Maine’s reason for denying the Does plaintiffs an exemption is straightforward. As the US Court of Appeals for the First Circuit explained in an opinion rejecting the plaintiffs’ arguments, “Health care facilities are uniquely susceptible to outbreaks of infectious diseases like COVID-19 because medical diagnosis and treatment often require close contact between providers and patients (who often are medically vulnerable).”

And health care workers are also the very people who need to intervene in order to prevent a public health crisis. If Covid-19 spreads like wildfire among these workers because too many people in hospitals and similar settings are unvaccinated — and thus more likely to contract and spread the disease — such an outbreak could disable the very workforce needed to treat Covid-19 patients.

One reason why this case is potentially troubling, moreover, is that if religious exemptions to vaccination are allowed, it will be very difficult to prevent people with political or other nonreligious objections from claiming religious motivations for their opposition to the vaccine.

Few of the major religions in the US teach their adherents not to take the Covid-19 vaccine. The Catholic Church, for example, says that it’s “morally acceptable” to be vaccinated. Pope Francis likened not getting the vaccine to “suicide,” a grave sin. Anti-vax sentiment is more common among white evangelical Protestants, but even there it is a minority view. As of late June, according to the Kaiser Family Foundation, 58 percent of white evangelicals had received at least one dose of the vaccine.

Nevertheless, at least one pastor appears to be profiting by offering documents to donors claiming that the individual has a religious objection to Covid-19 vaccines — in exchange for a donation. And while the law typically requires someone seeking a religious exemption to have a “sincere” religious belief, courts are ill-equipped to prove sincerity. Many judges will simply have to rely on an individual’s word.

Does, in other words, potentially pits the health of entire communities against the religious beliefs of a few health workers — and against some workers who may not even have sincere objections. It is far from clear which of these interests the Supreme Court will care more about. . . .

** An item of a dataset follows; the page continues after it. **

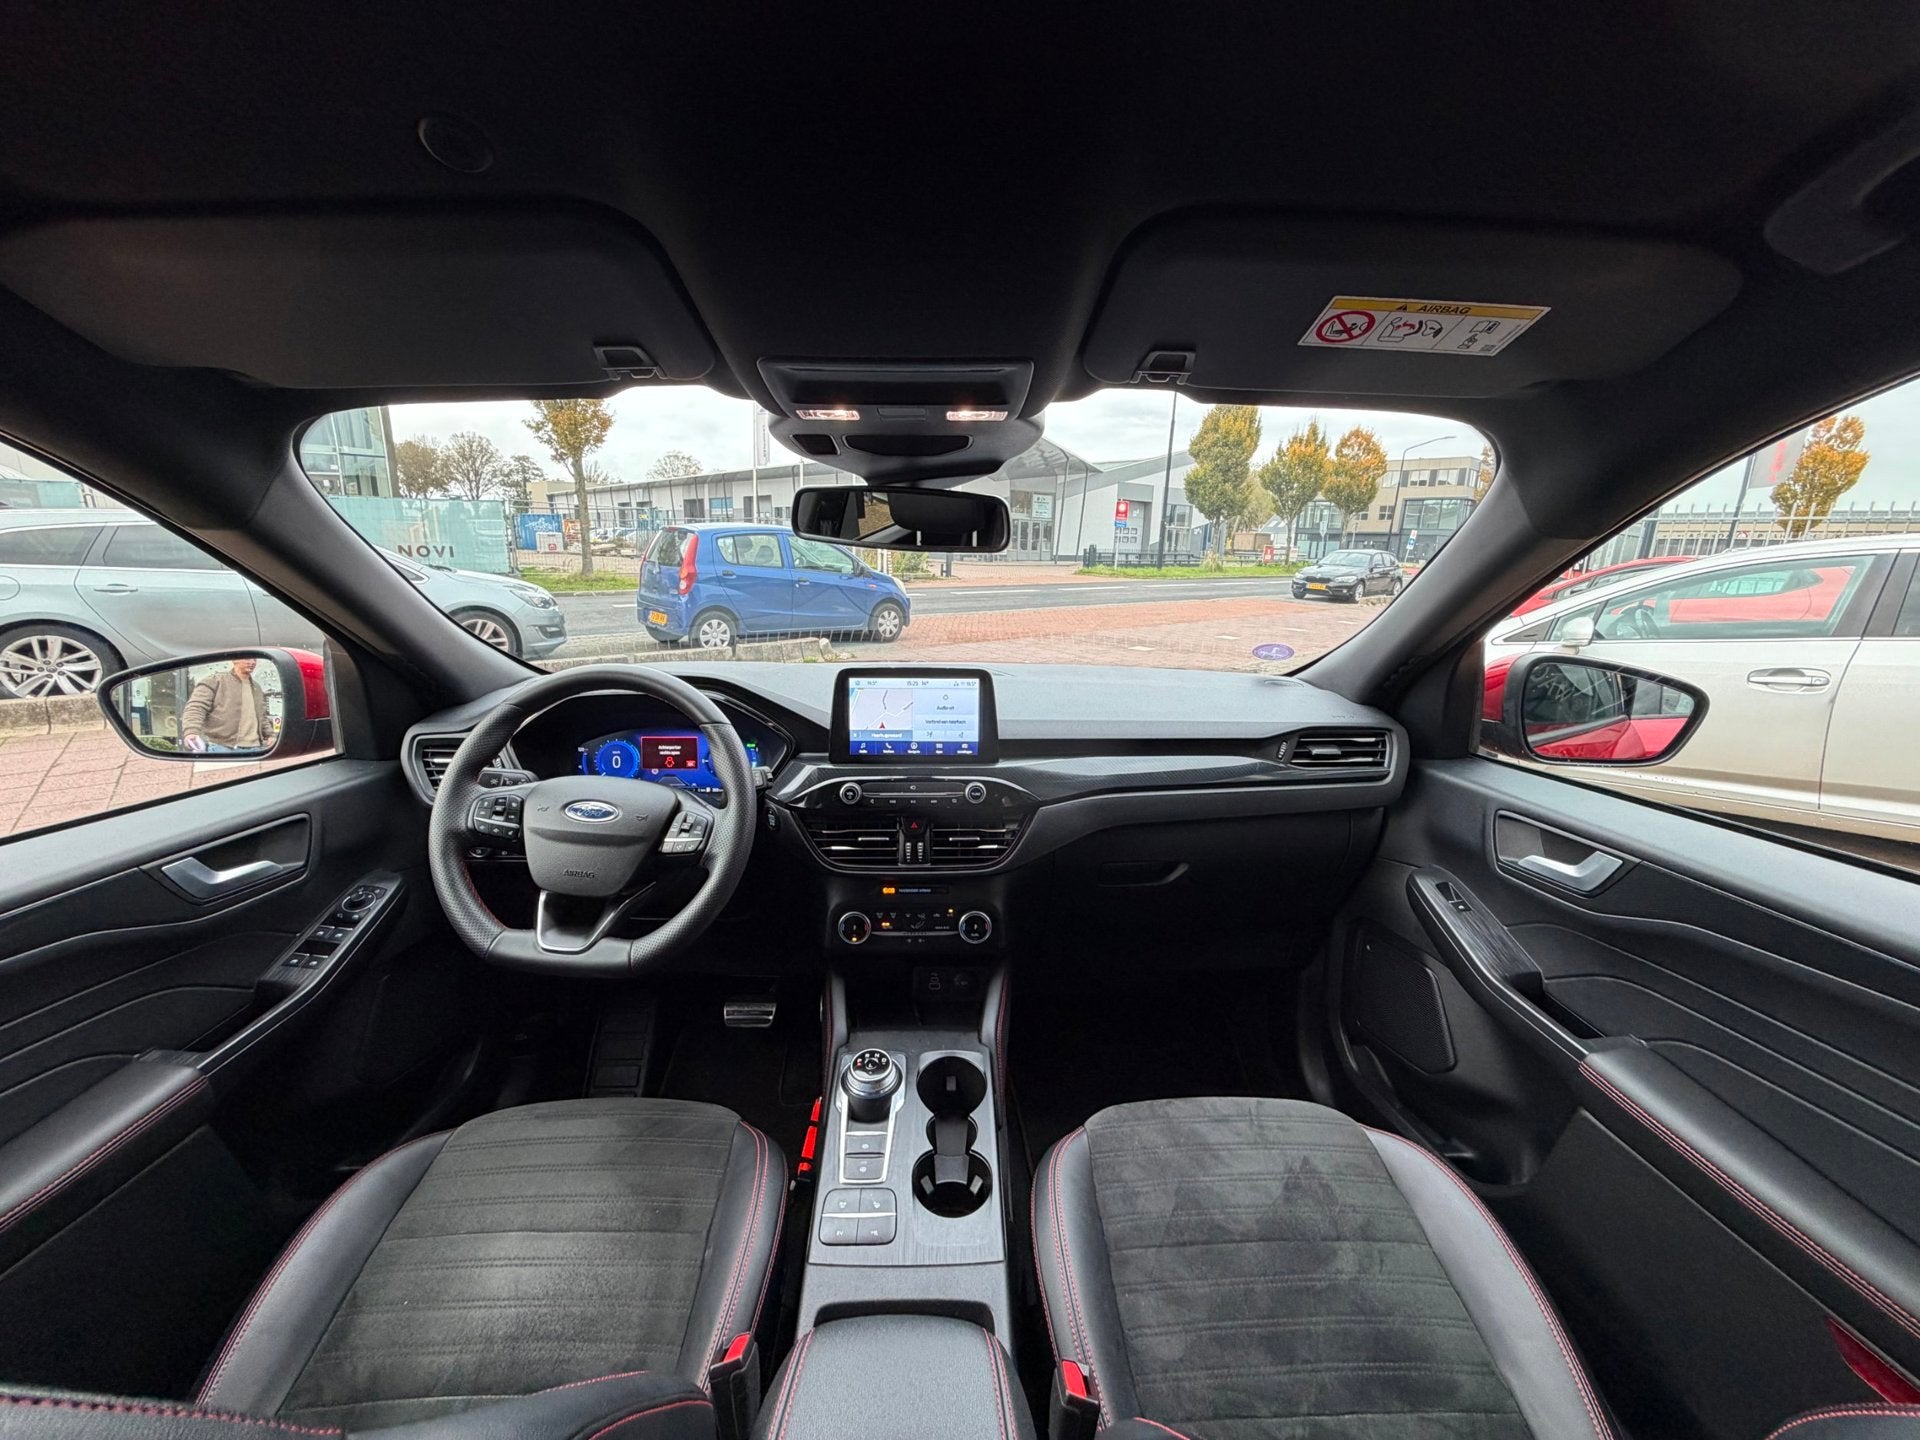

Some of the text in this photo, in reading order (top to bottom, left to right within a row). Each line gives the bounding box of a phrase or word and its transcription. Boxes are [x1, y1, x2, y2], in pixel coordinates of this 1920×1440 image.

Recall that Smith requires religious objectors to follow a “neutral law of general applicability.” In both Roman Catholic Diocese and a related case, Tandon v. Newsom (2021), the Court — with Kavanaugh and Barrett in the majority — ruled that places of worship should be exempt from certain state public health rules imposing limits on how many people may worship at the same time.

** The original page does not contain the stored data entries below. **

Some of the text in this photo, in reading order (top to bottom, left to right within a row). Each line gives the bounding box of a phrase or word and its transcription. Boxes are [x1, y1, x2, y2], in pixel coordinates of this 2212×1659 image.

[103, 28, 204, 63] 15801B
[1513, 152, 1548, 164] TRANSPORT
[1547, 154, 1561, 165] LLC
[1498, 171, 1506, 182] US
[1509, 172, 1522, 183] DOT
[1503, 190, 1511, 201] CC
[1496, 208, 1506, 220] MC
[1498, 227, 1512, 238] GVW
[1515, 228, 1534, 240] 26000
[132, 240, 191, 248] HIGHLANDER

“Government regulations are not neutral and generally applicable,” the five most conservative justices wrote in Tandon, “whenever they treat any comparable secular activity more favorably than religious exercise.” But the Court also defined what constitutes “comparable secular activity” very broadly in Tandon and Roman Catholic Diocese.

Prior to those two decisions, the Court permitted anti-Covid regulations to impose occupancy limits on places of worship so long as the same rules were imposed on similar secular institutions. In May 2020, for example, the Court upheld a California rule imposing occupancy limits on houses of worship. As Chief Justice John Roberts explained, the California rule was acceptable because “similar or more severe restrictions apply to comparable secular gatherings, including lectures, concerts, movie showings, spectator sports, and theatrical performances, where large groups of people gather in close proximity for extended periods of time.”

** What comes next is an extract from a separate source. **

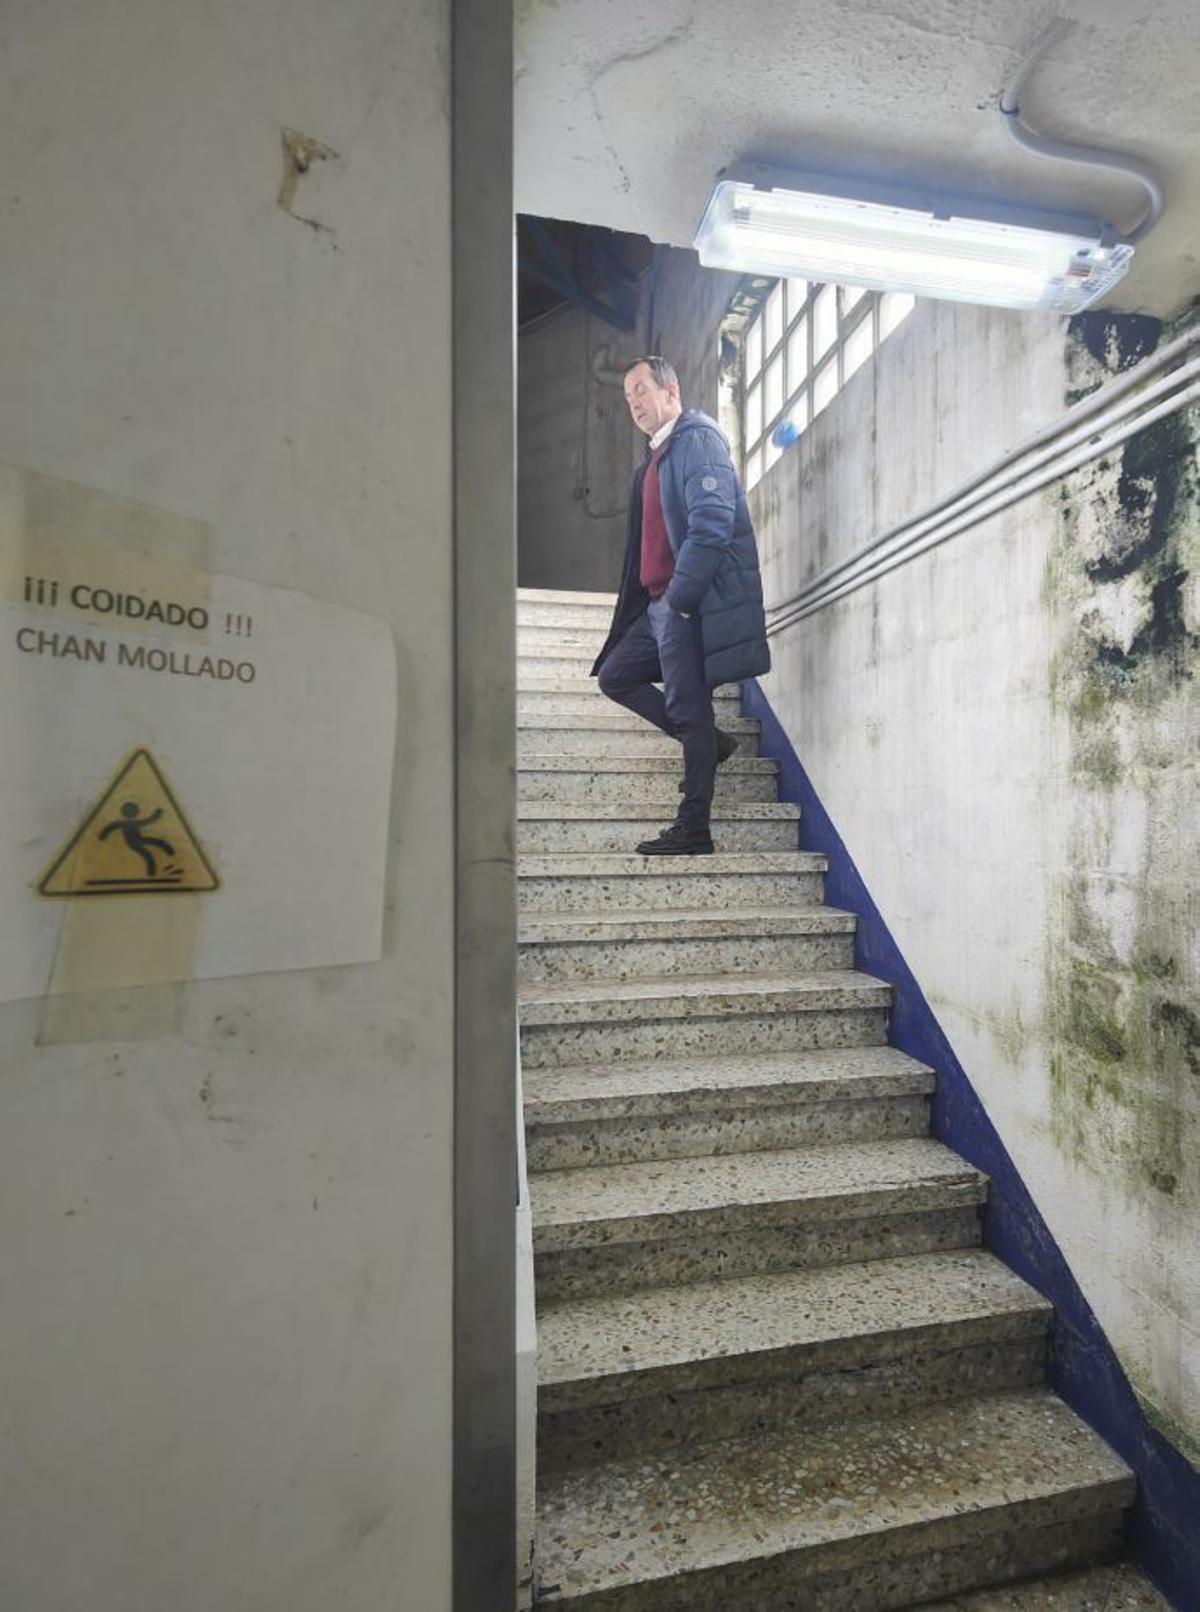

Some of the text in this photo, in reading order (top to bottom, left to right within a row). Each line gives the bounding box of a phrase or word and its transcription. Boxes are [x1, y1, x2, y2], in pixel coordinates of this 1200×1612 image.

[71, 585, 209, 630] COIDADO
[225, 613, 253, 637] !!!
[16, 627, 256, 683] CHAN MOLLADO

But then Justice Ruth Bader Ginsburg died, and Republican appointees gained a supermajority on the Supreme Court. The new majority ruled in Roman Catholic Diocese that places of worship could be exempt from public health rules if different rules apply to businesses — that are nothing like religious institutions — where large crowds of people gather to socialize, chant, and sing, such as “acupuncture facilities, camp grounds, [and] garages.”

Roman Catholic Diocese suggests, in other words, that religious institutions must be subject to the most favorable rules applied to any other institution, even if there are very good policy reasons to treat these institutions differently. Roman Catholic Diocese deemed it irrelevant that public health experts believed that houses of worship — like any other place where large groups of people gather for extended periods of time in an auditorium-like setting — are more likely to host superspreader events than, say, a grocery store.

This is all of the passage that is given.